++++ Supplied records ++++
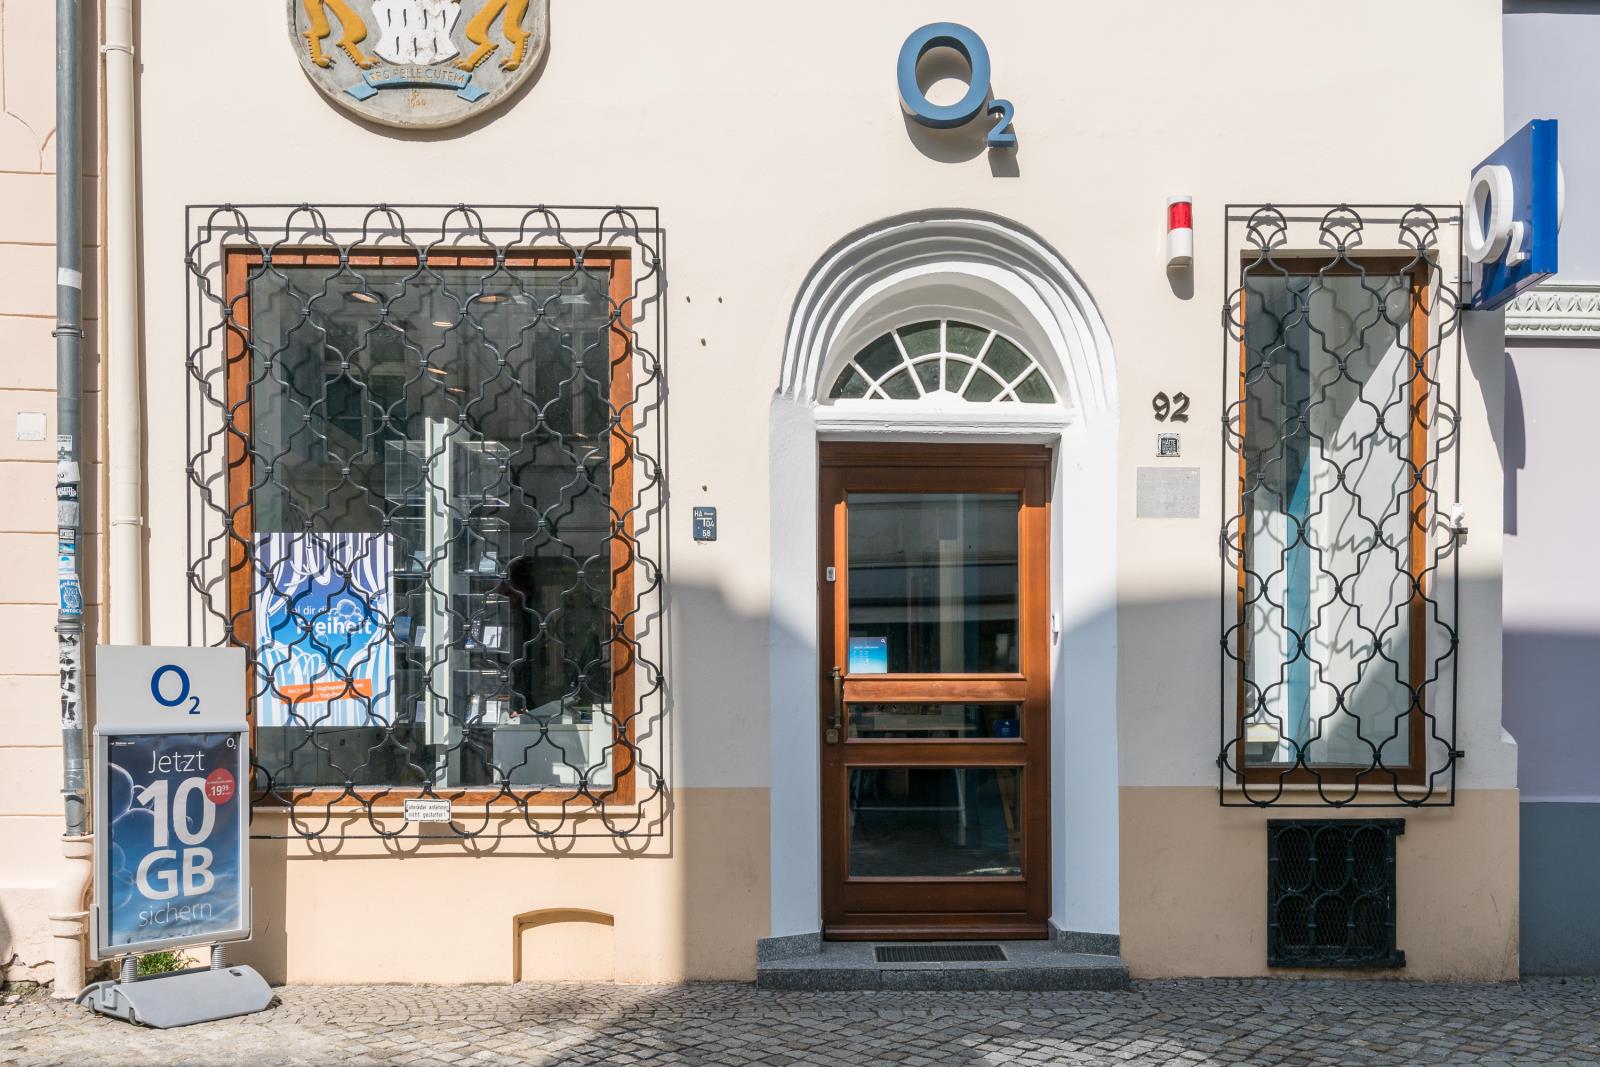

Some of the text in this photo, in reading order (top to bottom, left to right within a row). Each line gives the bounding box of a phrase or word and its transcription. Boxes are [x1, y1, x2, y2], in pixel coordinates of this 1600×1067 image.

[896, 22, 1016, 148] O2
[1152, 391, 1191, 424] 92
[296, 616, 372, 635] Feiheit
[303, 606, 316, 615] dir
[150, 664, 201, 715] O2
[148, 750, 205, 774] Jetzt
[136, 776, 216, 848] 10
[136, 847, 215, 901] GB
[138, 901, 212, 927] sichern
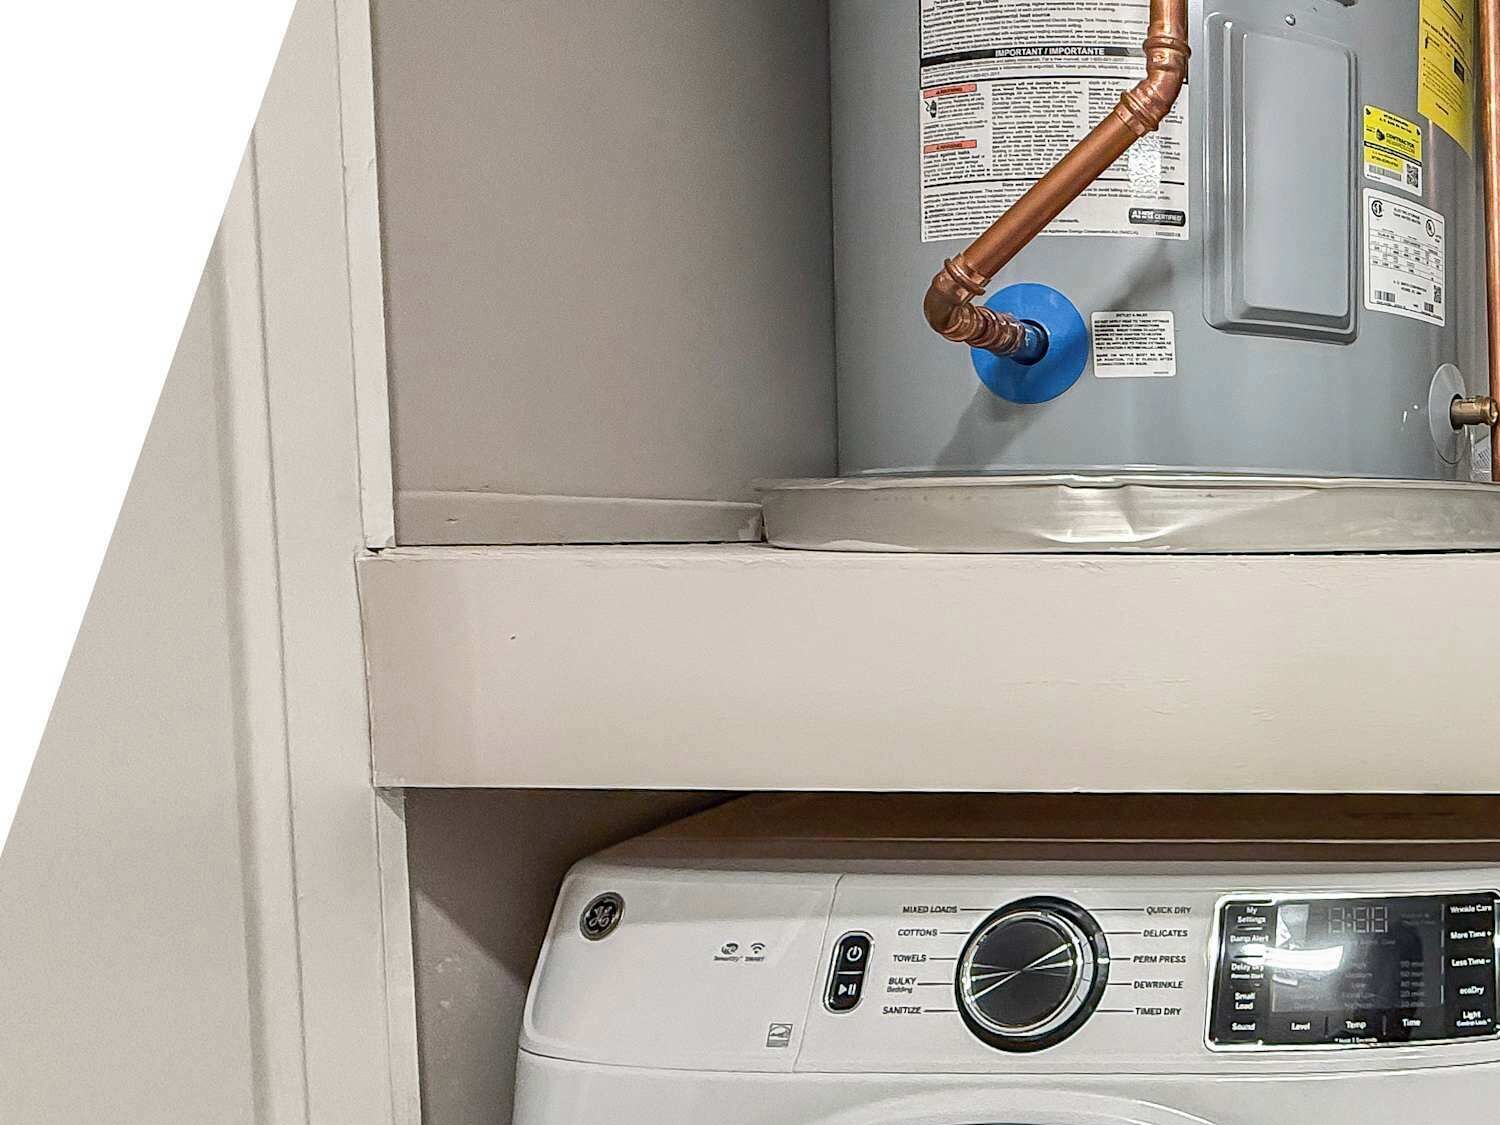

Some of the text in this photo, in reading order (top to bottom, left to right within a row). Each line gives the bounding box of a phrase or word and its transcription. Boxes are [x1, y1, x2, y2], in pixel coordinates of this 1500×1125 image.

[995, 48, 1043, 58] IMPORTANT
[1049, 47, 1105, 56] IMPORTANTE
[902, 906, 929, 914] MIXED
[1146, 906, 1173, 915] QUICK
[1246, 907, 1258, 915] My
[1450, 904, 1492, 913] Wrinkle Care
[1237, 916, 1266, 924] Settings
[898, 929, 938, 937] COTTONS
[1143, 929, 1188, 937] DELICATES
[1450, 931, 1468, 939] More
[1230, 935, 1251, 943] Damp
[893, 954, 927, 962] TOWELS
[1133, 955, 1187, 963] PERM PRESS
[1451, 959, 1468, 967] Less
[1468, 958, 1485, 966] Time
[1231, 963, 1251, 972] Delay
[888, 977, 917, 985] BULKY
[1134, 981, 1184, 989] DEWRINKLE
[1459, 986, 1485, 995] ecoDry
[1235, 992, 1256, 1000] Small
[882, 1006, 922, 1014] SANITIZE
[1235, 1002, 1254, 1010] Load
[1135, 1007, 1182, 1015] TIMED DRY
[1463, 1011, 1482, 1019] Light
[1232, 1022, 1256, 1031] Sound
[1291, 1022, 1311, 1031] Level
[1345, 1020, 1367, 1029] Temp
[1402, 1018, 1421, 1027] Time
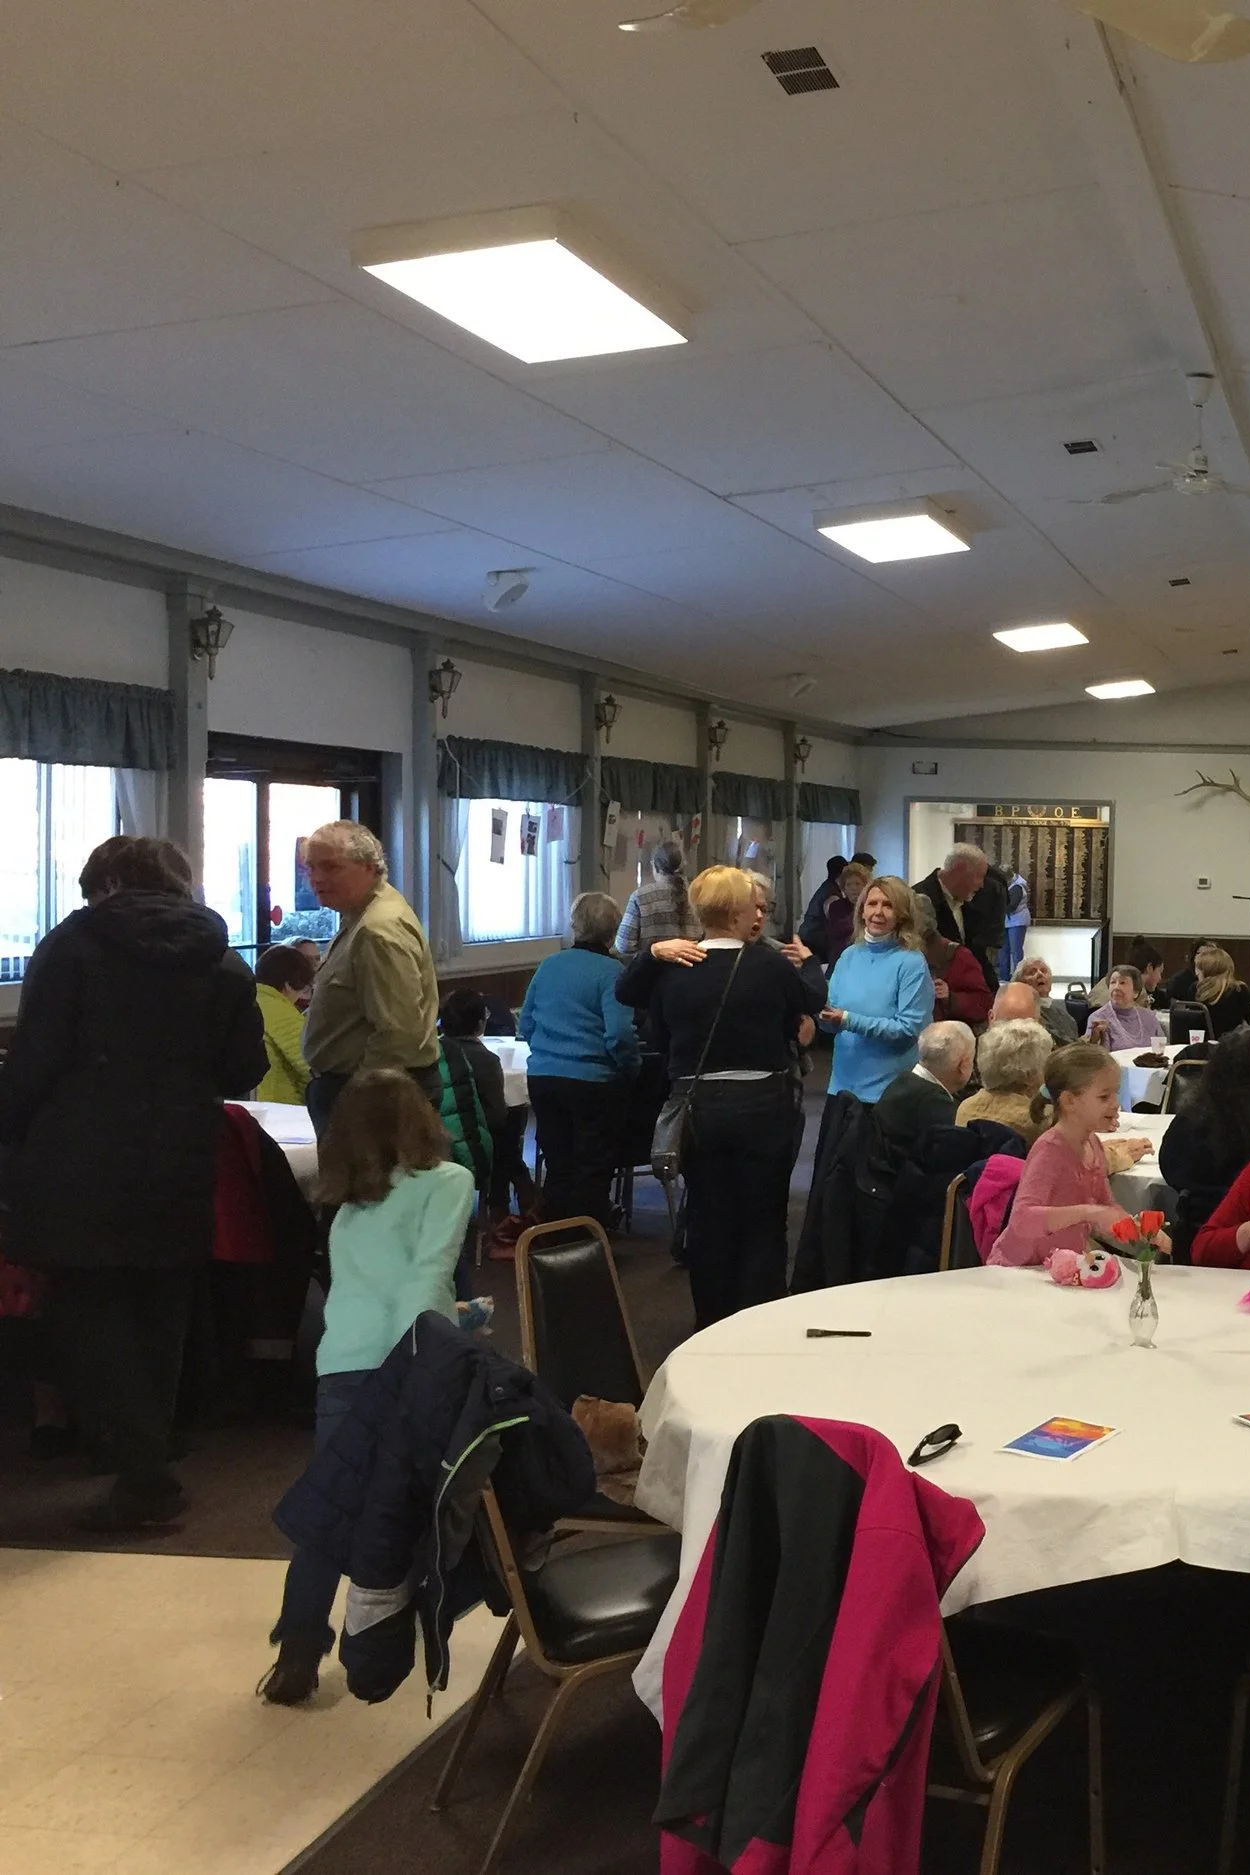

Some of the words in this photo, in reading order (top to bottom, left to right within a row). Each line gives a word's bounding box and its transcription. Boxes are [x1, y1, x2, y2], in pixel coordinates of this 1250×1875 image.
++++
**The task**
A faithful copy of the data is required: each word kept, each picture omitted.

**Result for this task**
Some of the text in this photo, in reading order (top to bottom, left to right within a row). Each line gives the bounding box of a phrase or word and its transcription. Boxes are [x1, y1, x2, y2], in pixel coordinates of this 1600×1067 image.

[896, 22, 1016, 148] O2
[1152, 391, 1191, 424] 92
[296, 616, 372, 635] Feiheit
[303, 606, 316, 615] dir
[150, 664, 201, 715] O2
[148, 750, 205, 774] Jetzt
[136, 776, 216, 848] 10
[136, 847, 215, 901] GB
[138, 901, 212, 927] sichern

Some of the text in this photo, in reading order (top to bottom, left to right within a row). Each line gives the bounding box of a phrase or word and its transcription. Boxes are [x1, y1, x2, y2], in pixel coordinates of this 1500×1125 image.

[995, 48, 1043, 58] IMPORTANT
[1049, 47, 1105, 56] IMPORTANTE
[902, 906, 929, 914] MIXED
[1146, 906, 1173, 915] QUICK
[1246, 907, 1258, 915] My
[1450, 904, 1492, 913] Wrinkle Care
[1237, 916, 1266, 924] Settings
[898, 929, 938, 937] COTTONS
[1143, 929, 1188, 937] DELICATES
[1450, 931, 1468, 939] More
[1230, 935, 1251, 943] Damp
[893, 954, 927, 962] TOWELS
[1133, 955, 1187, 963] PERM PRESS
[1451, 959, 1468, 967] Less
[1468, 958, 1485, 966] Time
[1231, 963, 1251, 972] Delay
[888, 977, 917, 985] BULKY
[1134, 981, 1184, 989] DEWRINKLE
[1459, 986, 1485, 995] ecoDry
[1235, 992, 1256, 1000] Small
[882, 1006, 922, 1014] SANITIZE
[1235, 1002, 1254, 1010] Load
[1135, 1007, 1182, 1015] TIMED DRY
[1463, 1011, 1482, 1019] Light
[1232, 1022, 1256, 1031] Sound
[1291, 1022, 1311, 1031] Level
[1345, 1020, 1367, 1029] Temp
[1402, 1018, 1421, 1027] Time

Some of the words in this photo, in reading order (top to bottom, left to right within a row). Each line gives a word's bounding box and its transcription. Boxes are [x1, y1, x2, y2], in pixel coordinates of this 1250×1875 image.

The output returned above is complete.